Quanto all’elemento soggettivo, il delitto, a differenza della configurazione di cui al comma 1, è punibile a titolo di dolo specifico, richiedendosi la coscienza e volontà di cagionare la lesione, al fine di menomare le funzioni sessuali (finalità il cui mancato conseguimento non incide sulla consumazione del reato, rispetto al quale, come detto, rileva esclusivamente il prodursi della malattia). Poco opportuna, sotto il profilo interpretativo, appare, inoltre, la previsione di una circostanza attenuante ad effetto speciale, sancita dall’ultimo periodo del comma in esame, per il caso in cui la lesione sia di lieve entità, in quanto rimette al giudice una non agevole (dunque potenzialmente disuniforme) valutazione, contrapposta alla «chiarezza» delle nozioni «comuni» di lesione lieve o lievissima, connesse alla durata della patologia prodotta, evincibili dall’art. 582 c.p.

Circostanze aggravanti

Il comma 3 della norma in commento prevede due configurazioni aggravate delle fattispecie appena descritte, consistenti nel caso in cui il fatto sia commesso a danno di un minore o per fini di lucro.

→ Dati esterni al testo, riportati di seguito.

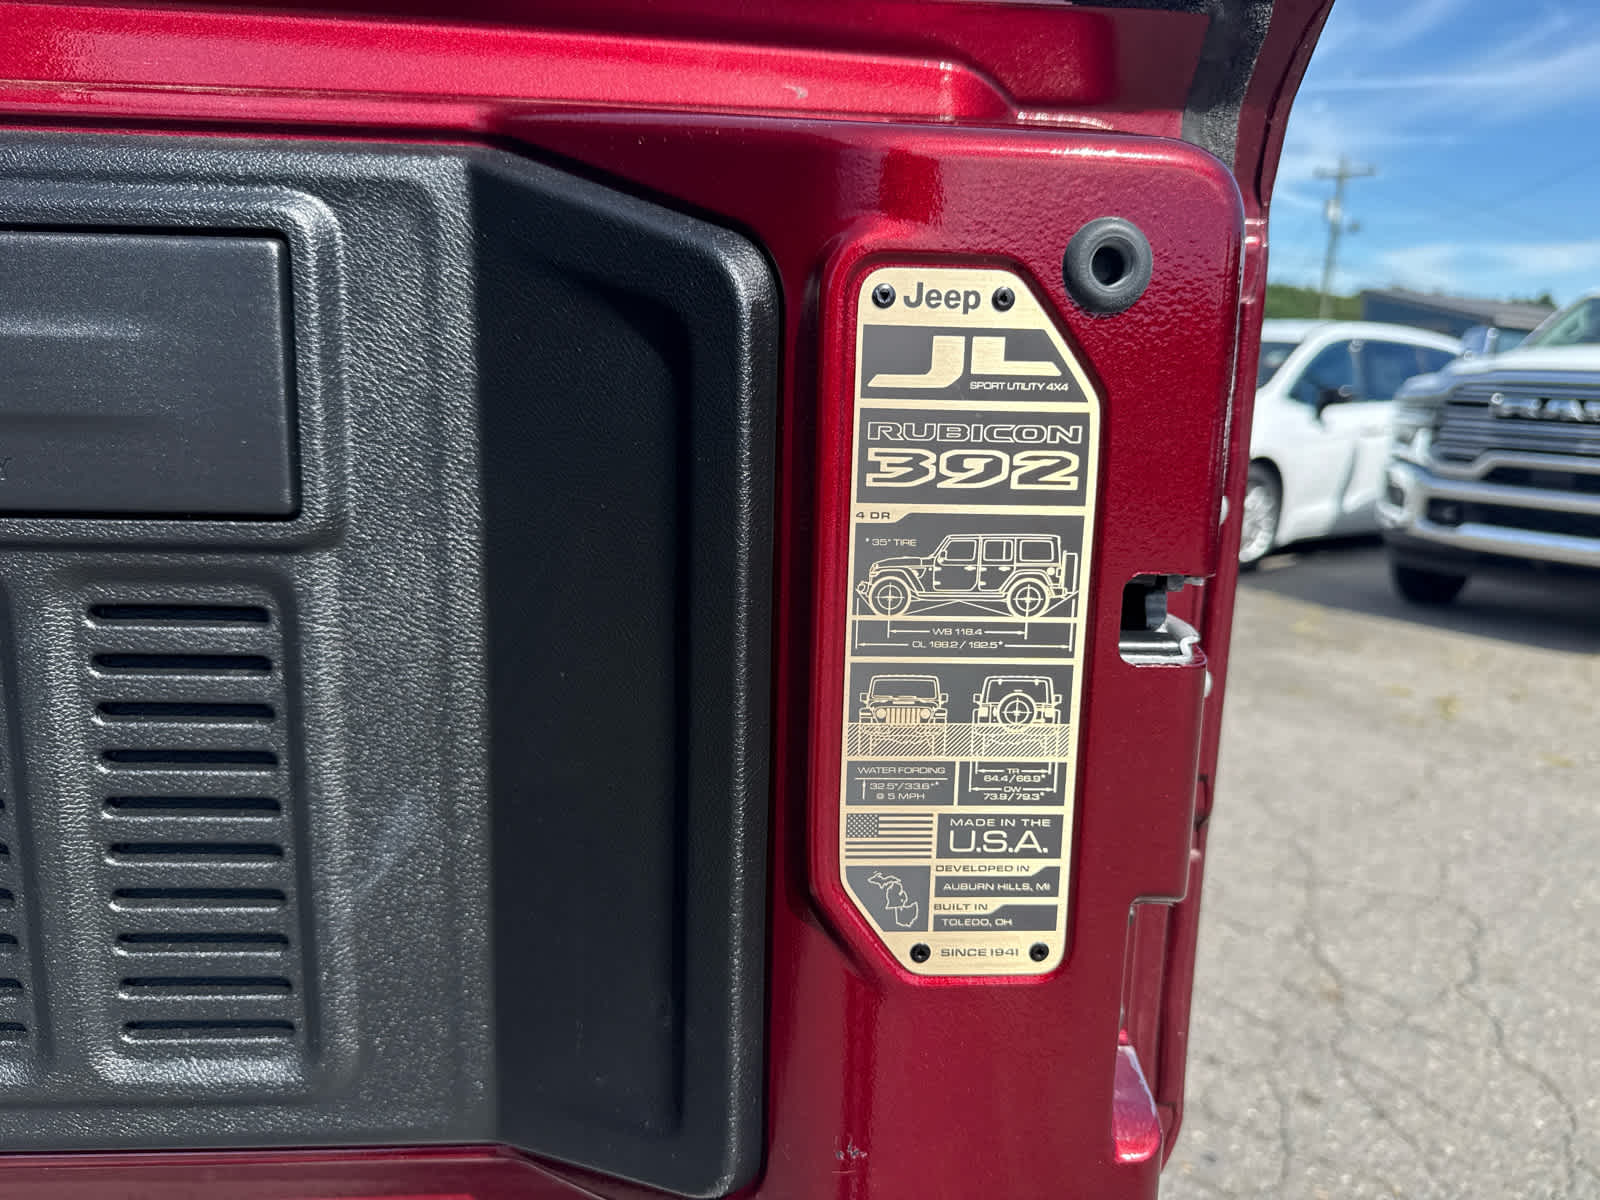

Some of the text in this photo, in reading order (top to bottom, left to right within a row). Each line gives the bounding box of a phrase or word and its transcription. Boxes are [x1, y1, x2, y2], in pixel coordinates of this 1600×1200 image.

[903, 282, 981, 314] Jeep
[867, 335, 1062, 388] JL
[969, 381, 1069, 392] SPORT UTILITY 4X4
[867, 421, 1083, 444] RUBICON
[865, 447, 1080, 491] 392
[855, 511, 890, 520] 4 DR
[893, 538, 917, 547] TIRE
[932, 628, 983, 636] WB 118.4
[911, 641, 927, 649] OL
[857, 766, 946, 775] WATER FORDING
[887, 792, 896, 800] 5
[898, 792, 926, 801] MPH
[949, 818, 1052, 828] MADE IN THE
[949, 830, 1049, 854] U.S.A.
[935, 865, 1014, 873] DEVELOPED
[943, 882, 1051, 892] AUBURN HILLS, MI
[933, 903, 971, 911] BUILT
[942, 918, 1013, 928] TOLEDO, OH
[940, 948, 1019, 957] SINCE 1941
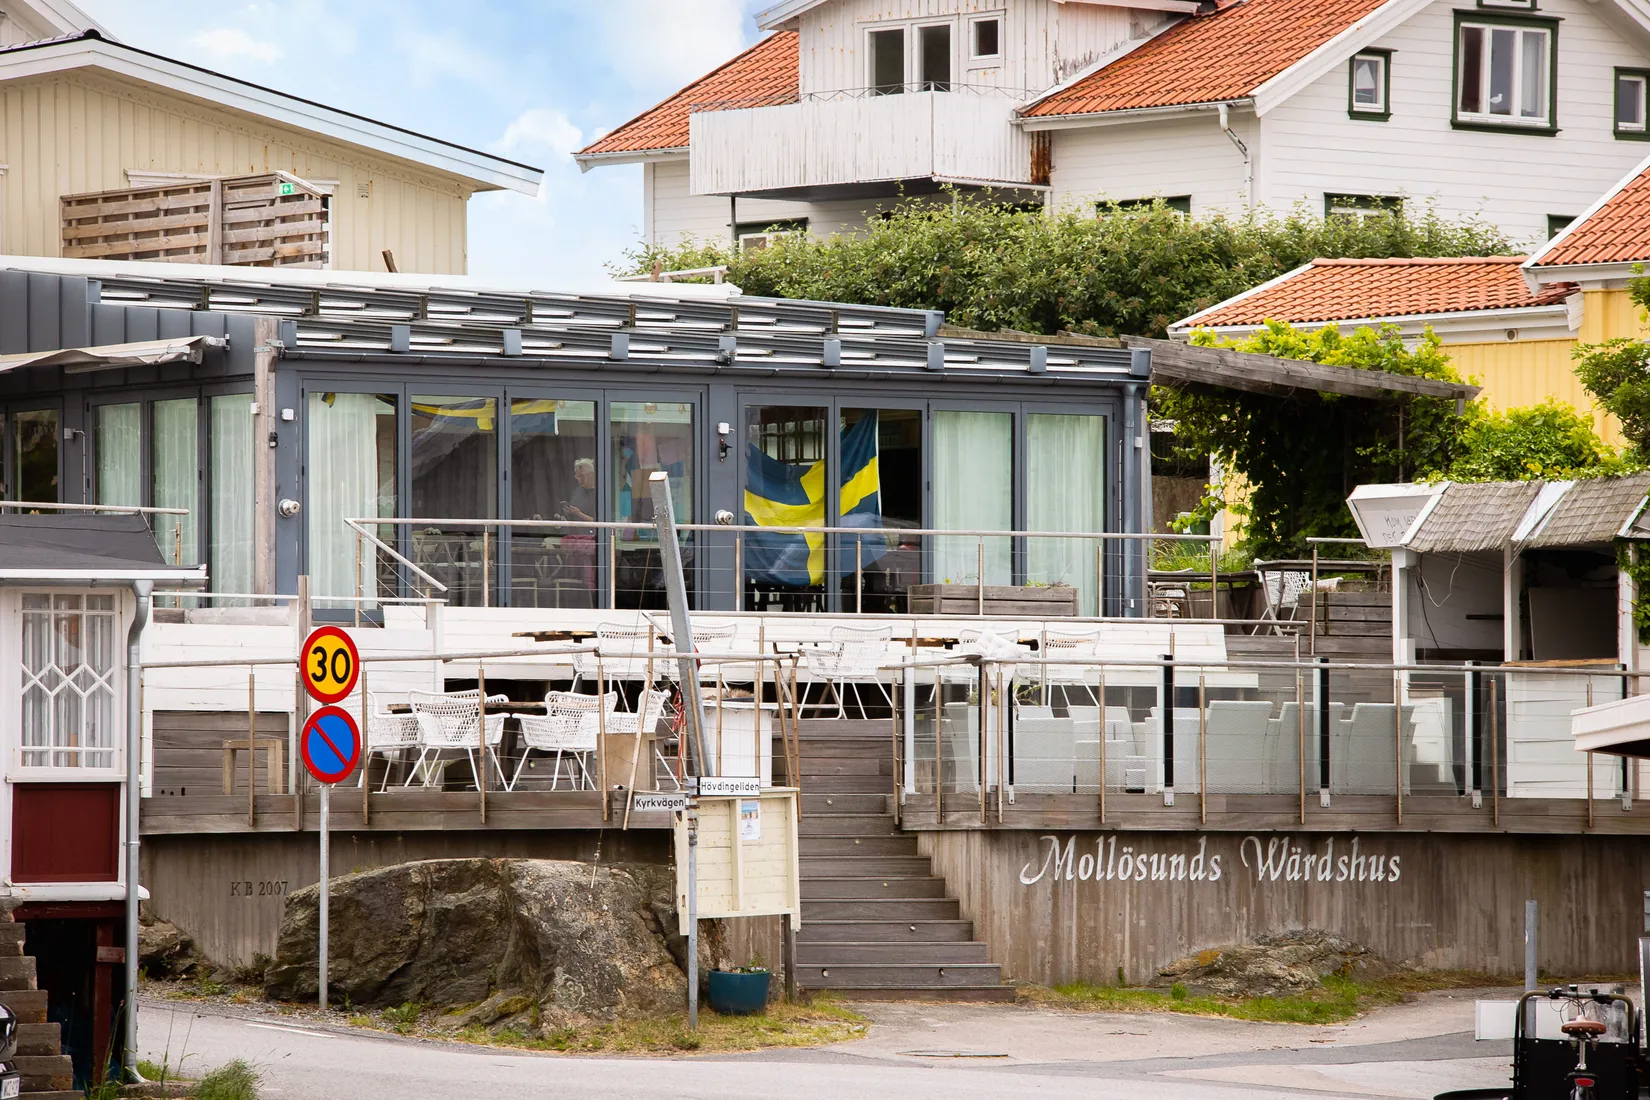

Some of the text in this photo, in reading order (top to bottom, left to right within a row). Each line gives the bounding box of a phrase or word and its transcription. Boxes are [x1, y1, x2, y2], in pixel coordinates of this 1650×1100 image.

Totalmente condivisibile risulta tale opzione normativa, se si ha riguardo del fatto che, eccettuati rari casi posti in essere su donne in età «da marito» ed, addirittura, su neonate, l’età tipica per praticare le mutilazioni di cui alla norma oscilla dai 6 ai 10 anni, e che la sussistenza nell’agente di un becero animus lucrandi, in luogo degli, sia pur inammissibili, intenti derivanti da convincimenti ideologico-religiosi, rende ancor più socialmente intollerabile la realizzazione di tali pratiche, fondando l’aggravio sanzionatorio.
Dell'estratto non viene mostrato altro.